Directions for this task: Set down the full listing below word for word; pictures stay out of the copy.

Working data:
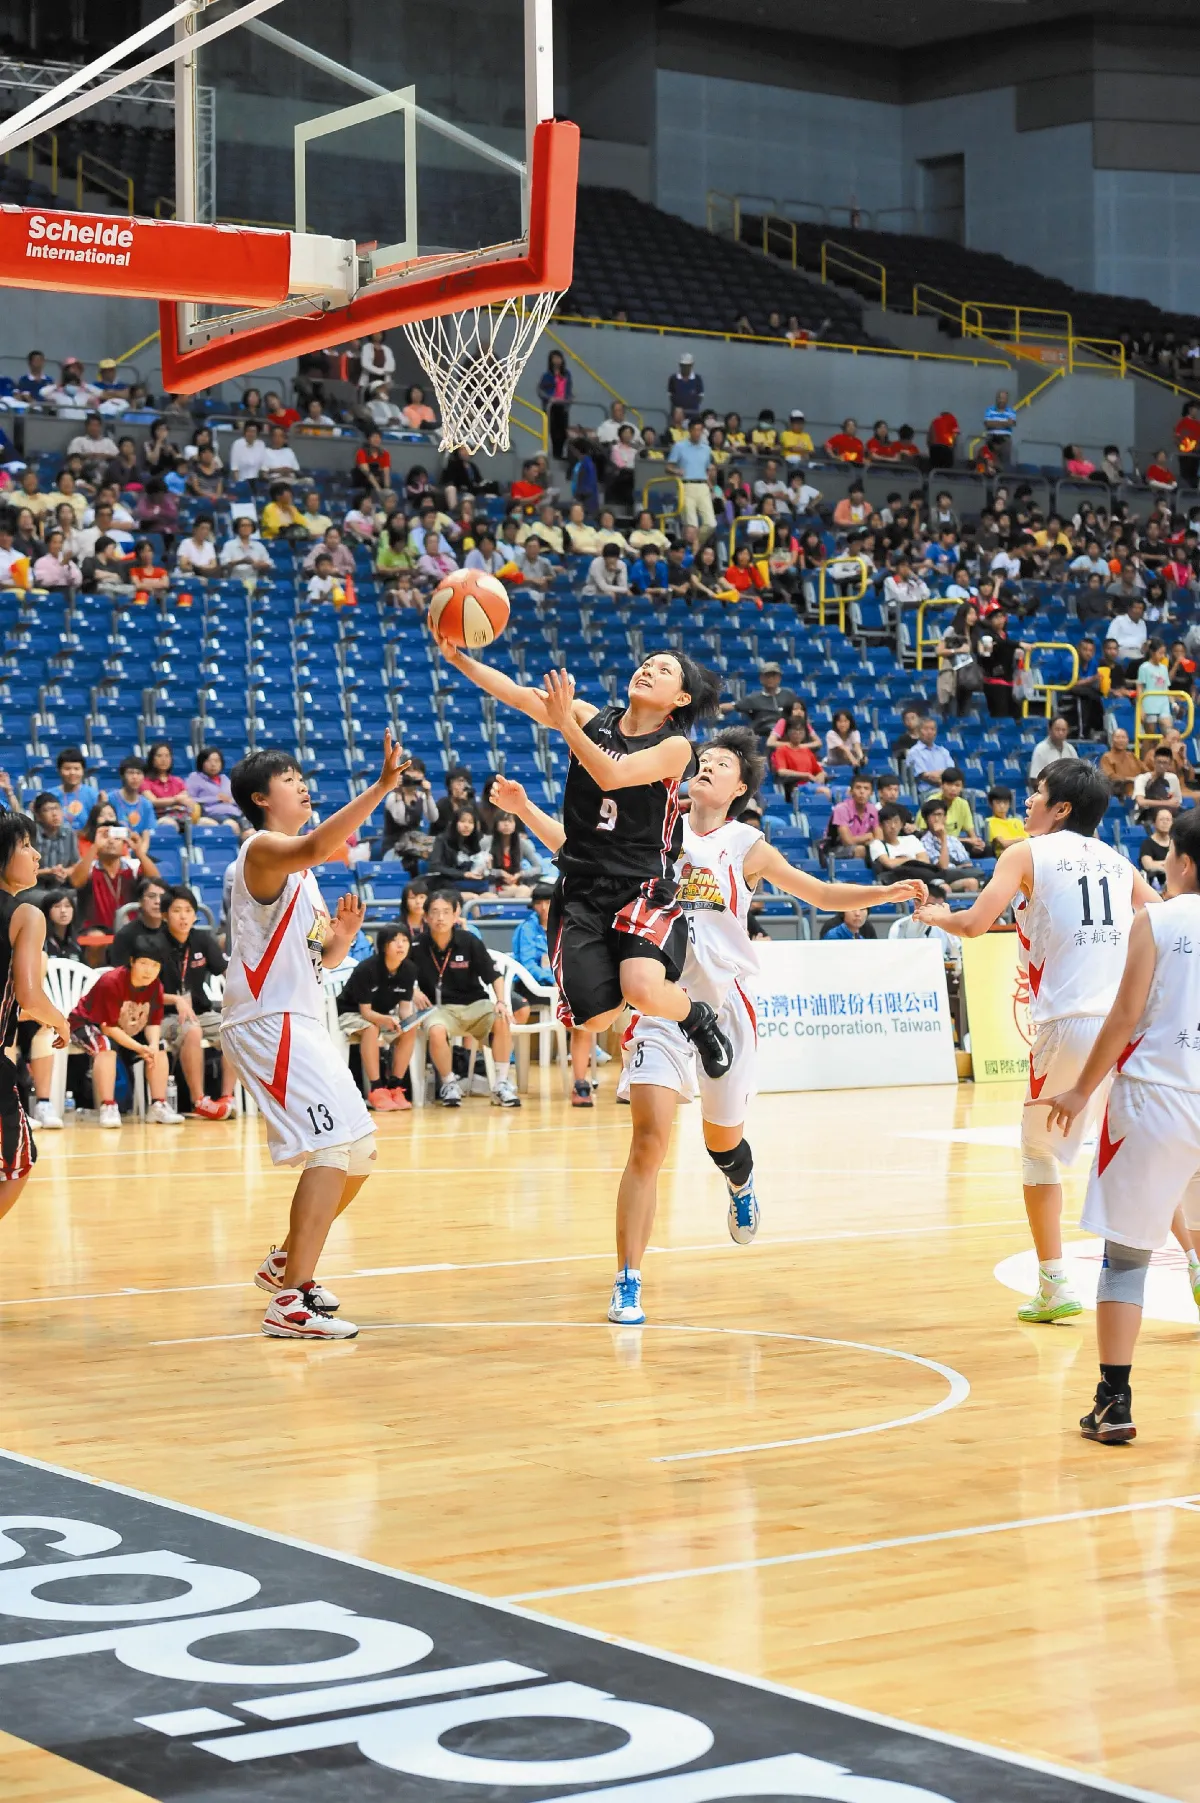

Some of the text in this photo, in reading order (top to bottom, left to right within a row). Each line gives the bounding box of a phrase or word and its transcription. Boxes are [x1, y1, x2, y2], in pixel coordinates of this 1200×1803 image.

[29, 215, 134, 248] Schelde
[26, 242, 131, 266] International
[596, 798, 618, 831] 9
[1078, 875, 1114, 926] 11
[687, 915, 696, 945] 5
[1073, 929, 1122, 946] 宗航宇
[756, 991, 940, 1018] 台灣中油股份有限公司
[757, 1017, 941, 1040] CPC Corporation, Taiwan
[306, 1103, 335, 1136] 13

Exercise solution:
Some of the text in this photo, in reading order (top to bottom, left to right within a row). Each line gives the bounding box of a phrase or word and its transcription. Boxes are [x1, y1, x2, y2], in pixel coordinates of this 1200×1803 image.

[29, 215, 134, 248] Schelde
[26, 242, 131, 266] International
[596, 798, 618, 831] 9
[1078, 875, 1114, 926] 11
[687, 915, 696, 945] 5
[1073, 929, 1122, 946] 宗航宇
[756, 991, 940, 1018] 台灣中油股份有限公司
[757, 1017, 941, 1040] CPC Corporation, Taiwan
[306, 1103, 335, 1136] 13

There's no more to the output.